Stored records

================================

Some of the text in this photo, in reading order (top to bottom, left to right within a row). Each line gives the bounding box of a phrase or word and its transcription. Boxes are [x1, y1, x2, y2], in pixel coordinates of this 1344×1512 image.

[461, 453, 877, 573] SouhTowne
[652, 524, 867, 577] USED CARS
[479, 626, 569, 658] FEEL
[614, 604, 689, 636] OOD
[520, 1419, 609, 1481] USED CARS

================================

How to complete this task:
Please write out the entries exactly, keeping every line intact.

Answer space:
Some of the text in this photo, in reading order (top to bottom, left to right within a row). Each line gives the bounding box of a phrase or word and its transcription. Boxes are [x1, y1, x2, y2], in pixel coordinates of this 1344×1512 image.

[461, 453, 877, 573] SouhTowne
[652, 524, 867, 577] USED CARS
[479, 626, 569, 658] FEEL
[614, 604, 689, 636] OOD
[520, 1419, 609, 1481] USED CARS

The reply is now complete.